Master Among the Ruins

Quincas Borba

by Joaquim Maria Machado de Assis, translated from the Portuguese by Gregory Rabassa
Oxford University Press, 290 pp., $25.00; $13.95 (paper)

Dom Casmurro

by Joaquim Maria Machado de Assis, translated from the Portuguese by John Gledson
Oxford University Press, 258 pp., $25.00; $12.95 (paper)

Esau and Jacob

by Joaquim Maria Machado de Assis, translated from the Portuguese by Elizabeth Lowe
Oxford University Press, 276 pp., $35.00; $16.95 (paper)

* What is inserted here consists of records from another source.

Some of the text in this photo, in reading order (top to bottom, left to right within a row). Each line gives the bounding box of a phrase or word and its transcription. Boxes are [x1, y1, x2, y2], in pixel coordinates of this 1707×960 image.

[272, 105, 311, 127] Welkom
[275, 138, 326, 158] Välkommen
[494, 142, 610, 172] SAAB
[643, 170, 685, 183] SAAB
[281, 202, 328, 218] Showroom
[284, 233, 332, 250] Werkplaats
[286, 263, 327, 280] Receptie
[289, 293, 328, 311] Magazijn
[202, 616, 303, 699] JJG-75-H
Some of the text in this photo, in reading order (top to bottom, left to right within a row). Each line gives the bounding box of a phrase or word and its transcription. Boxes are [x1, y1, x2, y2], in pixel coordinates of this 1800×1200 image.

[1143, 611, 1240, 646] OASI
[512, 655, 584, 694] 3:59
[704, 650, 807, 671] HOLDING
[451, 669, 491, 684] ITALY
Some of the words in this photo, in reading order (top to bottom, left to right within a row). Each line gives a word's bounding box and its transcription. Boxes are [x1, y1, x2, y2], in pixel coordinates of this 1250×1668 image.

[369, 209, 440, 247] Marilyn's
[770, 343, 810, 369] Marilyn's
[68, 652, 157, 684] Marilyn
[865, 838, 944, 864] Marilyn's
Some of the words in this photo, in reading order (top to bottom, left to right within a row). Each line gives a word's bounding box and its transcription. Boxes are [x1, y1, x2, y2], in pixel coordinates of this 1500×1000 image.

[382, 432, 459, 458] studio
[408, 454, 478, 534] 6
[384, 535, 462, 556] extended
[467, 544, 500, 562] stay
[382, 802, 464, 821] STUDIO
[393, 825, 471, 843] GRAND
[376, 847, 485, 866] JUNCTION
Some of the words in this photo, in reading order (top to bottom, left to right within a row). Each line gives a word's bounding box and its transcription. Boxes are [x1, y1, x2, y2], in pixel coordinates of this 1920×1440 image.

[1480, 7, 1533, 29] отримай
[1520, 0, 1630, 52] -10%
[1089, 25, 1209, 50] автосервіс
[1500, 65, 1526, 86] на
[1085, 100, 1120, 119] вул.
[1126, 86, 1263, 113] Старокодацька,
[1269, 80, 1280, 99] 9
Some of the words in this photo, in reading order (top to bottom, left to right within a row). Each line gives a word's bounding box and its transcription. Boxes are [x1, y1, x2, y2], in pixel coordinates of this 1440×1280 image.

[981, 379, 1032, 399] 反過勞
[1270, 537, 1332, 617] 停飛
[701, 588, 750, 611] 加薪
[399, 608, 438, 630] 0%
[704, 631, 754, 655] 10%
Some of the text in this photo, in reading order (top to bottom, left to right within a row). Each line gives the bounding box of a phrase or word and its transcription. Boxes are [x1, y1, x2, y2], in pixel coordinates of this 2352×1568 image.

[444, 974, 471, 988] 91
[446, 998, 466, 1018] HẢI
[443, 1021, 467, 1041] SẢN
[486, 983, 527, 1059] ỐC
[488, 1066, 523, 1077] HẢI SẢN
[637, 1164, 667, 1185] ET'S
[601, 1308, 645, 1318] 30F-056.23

The works of Joaquim Maria Machado de Assis are full of melancholy wisdom, or what looks like melancholy wisdom: slightly weary, slightly bit-ter, highly amused. Jokes, fables, epigrams, and analogies flourish so profusely in these pages that they certainly add up to a signature. But do they add up to a voice? And if so, whose voice? Antonio Candido, the great Brazilian critic, suggested long ago that in Machado “the most disconcerting surprises” appear “in inverse ratio to the elegance and discretion of his prose.” Thus in the novel Quincas Borba, a poor woman is sitting, weeping, by her still-burning cottage. A drunken man comes along and asks if it’s all right if he lights his cigar from the flames. We draw the moral readily enough—about indifference to distress that is not ours, about exploiting the misery of others—and we think we know where we are. Machado draws this moral too, although he scarcely pauses over it before he is on to another, far more unexpected one. The drunkard, he says, shows true respect for “the principle of property—to the point of not lighting his cigar without first asking permission of the owner of the ruins.” Is this a joke about property or about the worship of the principle?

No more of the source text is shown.